When cultivating hibiscus inside, a location with plenty of light is vital for producing blooms.
Squeeze your flowers once a month to keep them tight and spread, and give them a potassium-rich houseplant fertilizer regularly.
Provide consistent, equal moisture and prevent damp soil from maintaining your hibiscus healthy.
Dragon Tree (Dracaena Draco)
- Soil type: Sandy clay and regular potting soil with a well-draining mix
- Light: The tree prefers to be cultivated in an area receiving full sun
- Soil pH: 6.0 to 6.5
The dragon tree is an excellent contender for your house if you’re searching for a striking plant that can flourish near your south-facing window.
Indoors, this species normally grows to a height of six to eight feet and will develop quicker if given more sunlight.
Dragon trees are fairly simple to maintain, requiring simply water whenever the soil feels dry and fertilizer once six months.

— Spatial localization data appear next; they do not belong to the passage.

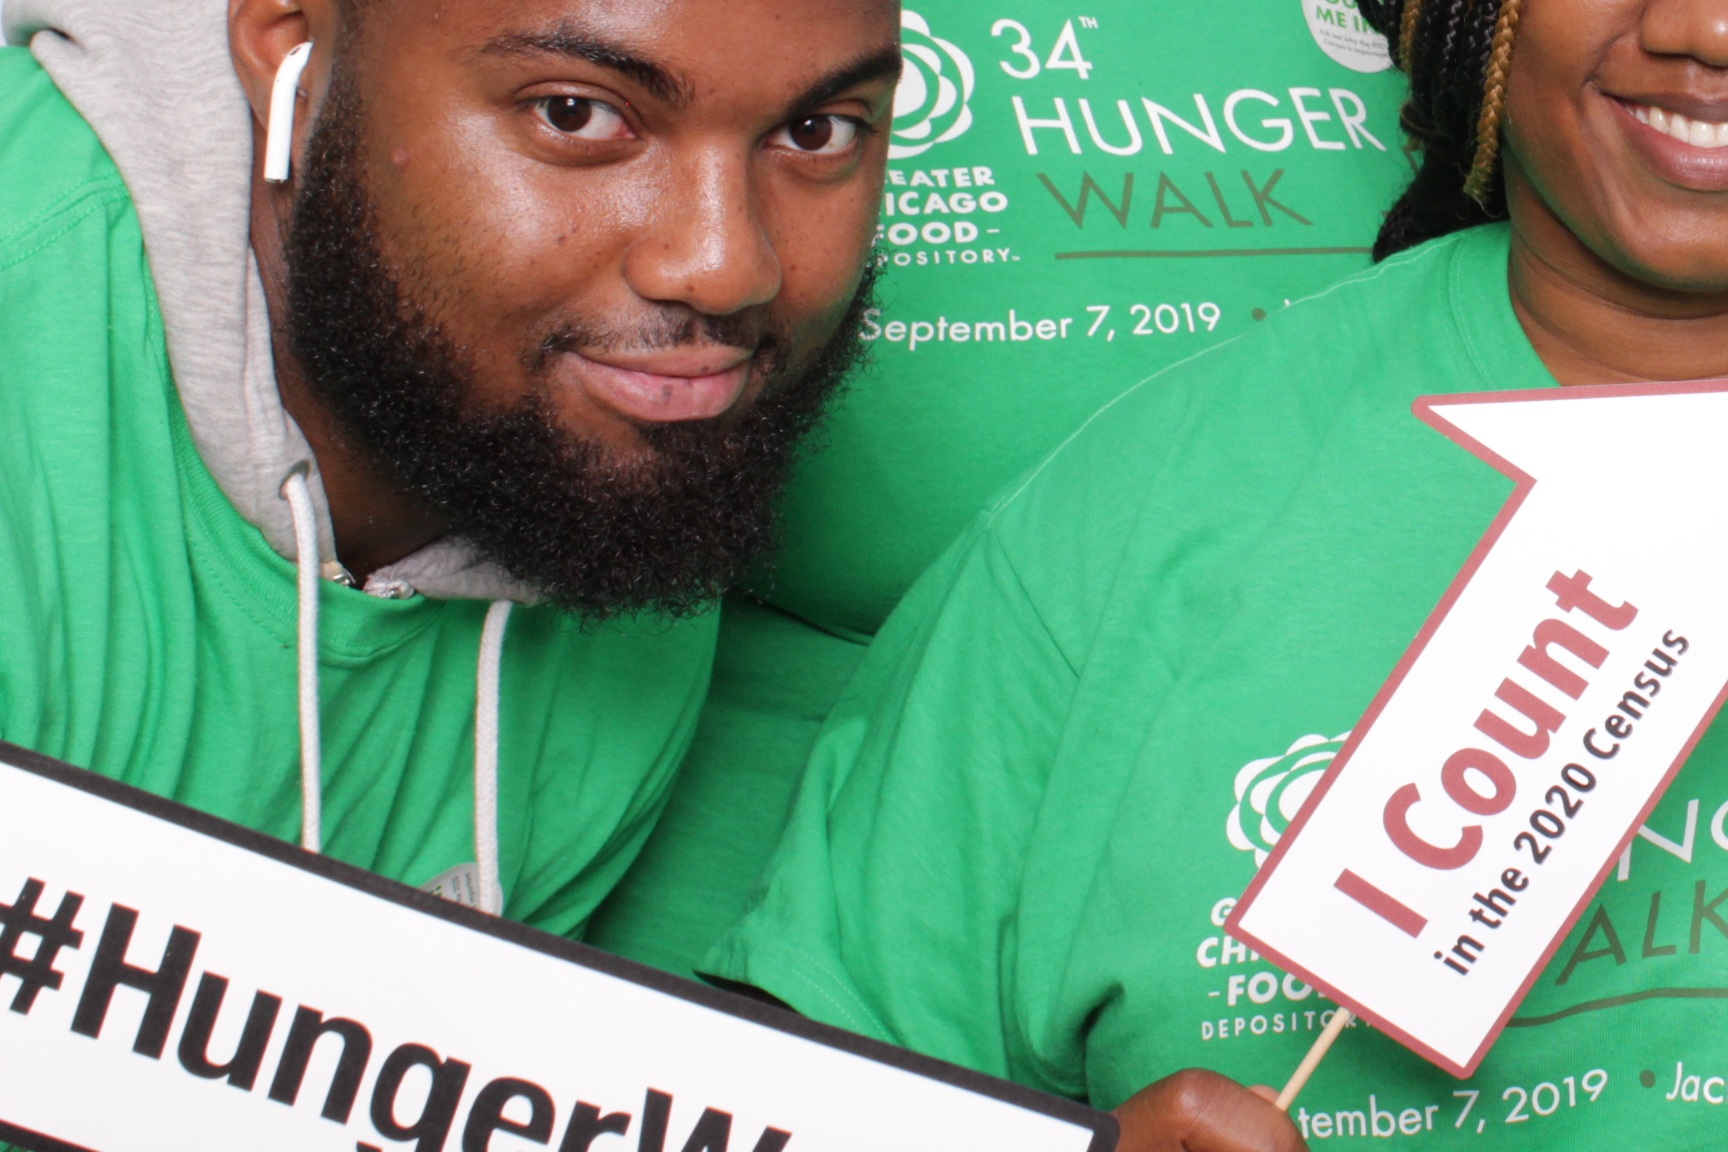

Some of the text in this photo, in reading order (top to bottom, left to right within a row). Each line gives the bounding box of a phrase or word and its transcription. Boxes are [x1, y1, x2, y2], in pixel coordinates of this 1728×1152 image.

[1316, 4, 1347, 29] ME
[1011, 86, 1387, 156] HUNGER
[885, 166, 995, 188] EATER
[1036, 169, 1314, 230] WALK
[884, 191, 1008, 216] ICAGO
[857, 301, 1222, 351] September 7, 2019
[1333, 568, 1640, 939] I Count
[1433, 628, 1690, 976] in the 2020 Census
[1227, 971, 1327, 1006] FOO
[1201, 1008, 1372, 1040] DEPOSITOR
[1298, 1068, 1608, 1140] tember 7, 2019

Because this plant is easy to propagate, it can produce numerous copies of new plants when it reaches maturity.
At first look, sunny spaces and south-facing windows appear to be beneficial to plants, but far too much light can cause leaf burn in several houseplants.
Make sure you understand how much sunshine is required for a specific houseplant.
These plants will grow in your room if you have bright, light-filled windows that receive direct sunlight.
The ledge of south-facing windows will provide far more light throughout the day for your indoor garden.
But window frames on the west part of your house, which receive intense afternoon light, are also a good choice.
Daniel has been a plant enthusiast for over 20 years. He owns hundreds of houseplants and prepares for the chili growing seasons yearly with great anticipation. His favorite plants are plant species in the Araceae family, such as Monstera, Philodendron, and Anthurium. He also loves gardening and is growing hot peppers, tomatoes, and many more vegetables.